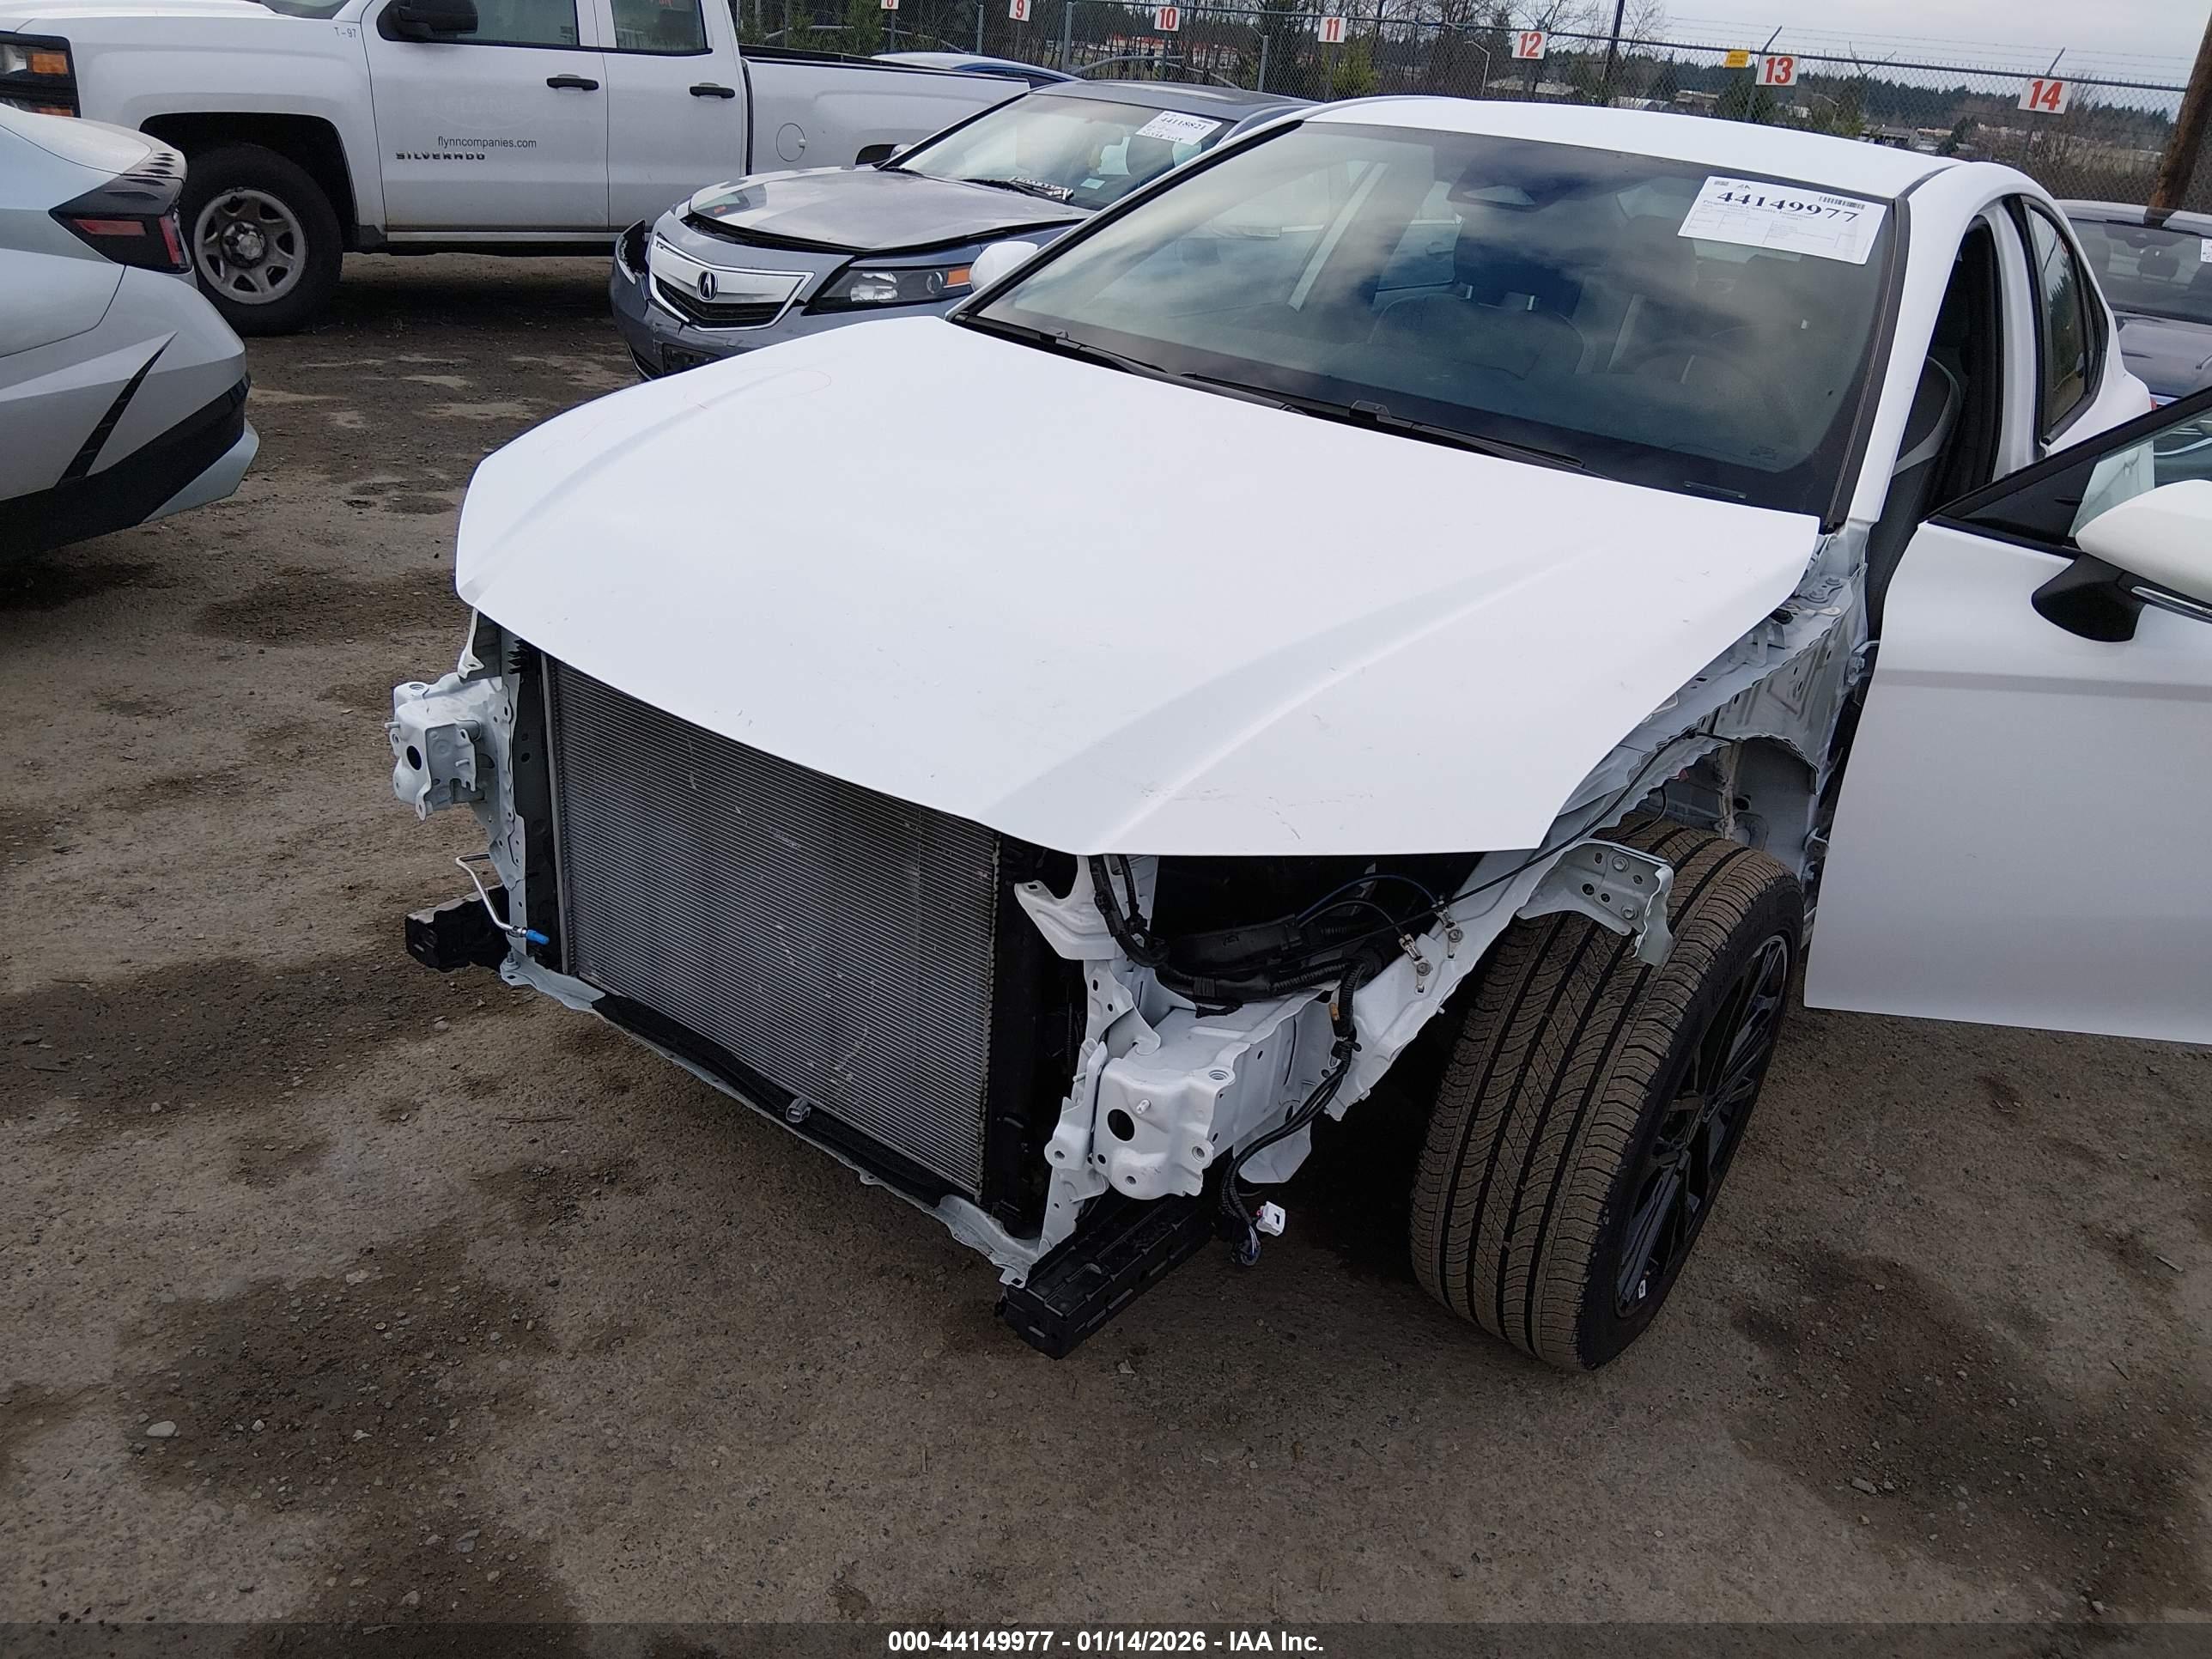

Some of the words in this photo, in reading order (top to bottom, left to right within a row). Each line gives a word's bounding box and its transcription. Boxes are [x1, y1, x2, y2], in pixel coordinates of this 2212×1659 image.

[1015, 0, 1024, 18] 9
[1159, 8, 1176, 29] 10
[1326, 18, 1340, 40] 11
[1519, 32, 1542, 57] 12
[1765, 57, 1794, 83] 13
[2029, 80, 2063, 111] 14
[437, 136, 537, 149] flynncompanies.com
[396, 152, 485, 161] SILVERADO
[1717, 191, 1859, 222] 44149977

**Exercise prompt**
Set down the whole listing word for word, omitting the pictures.

**Exercise output**
Some of the words in this photo, in reading order (top to bottom, left to right within a row). Each line gives a word's bounding box and its transcription. Boxes are [x1, y1, x2, y2], in pixel coordinates of this 2212×1659 image.

[1015, 0, 1024, 18] 9
[1159, 8, 1176, 29] 10
[1326, 18, 1340, 40] 11
[1519, 32, 1542, 57] 12
[1765, 57, 1794, 83] 13
[2029, 80, 2063, 111] 14
[437, 136, 537, 149] flynncompanies.com
[396, 152, 485, 161] SILVERADO
[1717, 191, 1859, 222] 44149977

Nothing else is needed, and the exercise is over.